About This Blog

wine-and-diaryDRINKING DIARIES is a forum for women to share, vent, express, and discuss their drinking stories without judgment. Whether you drink or not, are the child of an alcoholic or the mother of a future drinker, sip wine on occasion or binge drink for sport—we want to hear your story.

Whether we are drinking it or not, alcohol remains a potent part of our lives. Our culture is saturated with it, steeped in it. Drinking is one of those hot-button topics. Ask anyone you know to scratch the surface and she will find a drinking story. Maybe it’s the night she got smashed and so belligerent she spat in the bartender’s face. Or the time her alcoholic mother poured wine into a Sprite bottle so she could ride an Amtrak train, her self-medicating uninterrupted. It may be that her teenage daughter’s scar—from the time her beer-drinking boyfriend crashed the car—is healing, while hers is not. That the deepest philosophical question the stressed-out mom ponders is: “How big the glass?” Or the eyebrow-raising looks she gets when she mentions she doesn’t touch the stuff.
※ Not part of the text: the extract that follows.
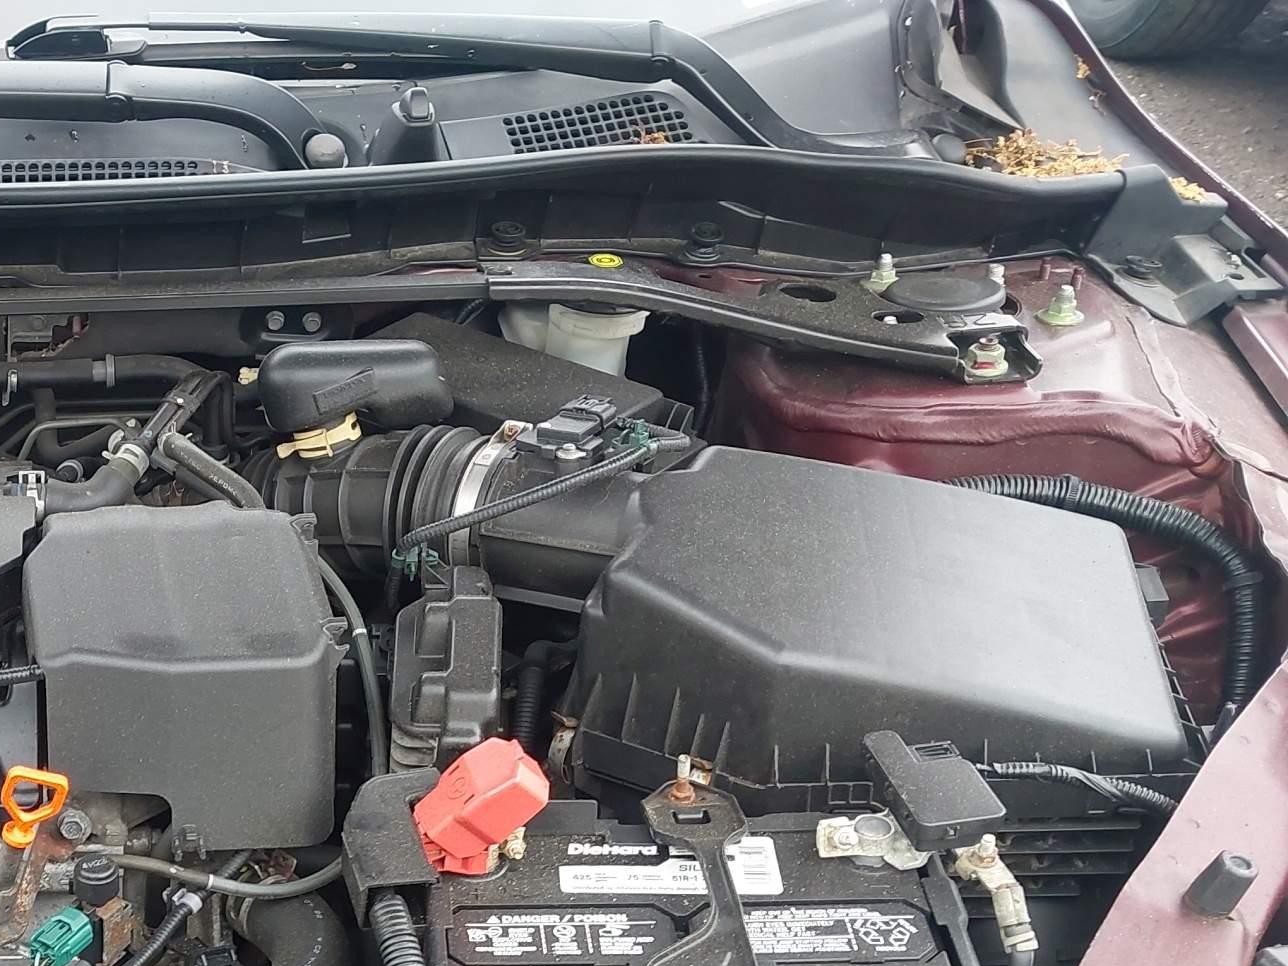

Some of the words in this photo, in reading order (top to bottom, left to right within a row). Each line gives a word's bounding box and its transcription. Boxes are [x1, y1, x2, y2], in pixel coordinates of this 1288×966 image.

We drink for different reasons: to quench thirst, to loosen up or get drunk, because it tastes good, to enhance a meal, because we’re addicted, as part of a ceremony, to celebrate, to mourn. We drink when we’re happy. We drink when we’re sad. And then there are the non-drinkers, for whom abstaining may be as much of an issue as drinking.

For the two of us, alcohol is a loaded topic.

Leah: For my first grade school photo, my alcoholic mother put my sailor dress on inside out. My mother stopped drinking when I was nine years old, but by the time I hit fourteen, my older sister was sent to rehab. I spent half my adolescence at self-help meetings, and although I would rather have been hanging out with my friends, I found the personal narratives of fall and redemption riveting. From high school to college student, writer to stay-at-home mom, I have run the gamut from abstainer to binge drinker.

CarenI grew up in a home where wine was always around. My European parents drank every night with dinner, and my mother–a French, hidden-child survivor of the Holocaust–often bragged about how she’d corrupted her American friends with the joys of a late afternoon glass of wine. But later in life, my mother’s wartime demons came back to haunt her and her social drinking morphed into need. Since then, I—a lover of wine in moderation—have been wrestling with what drinking means to me.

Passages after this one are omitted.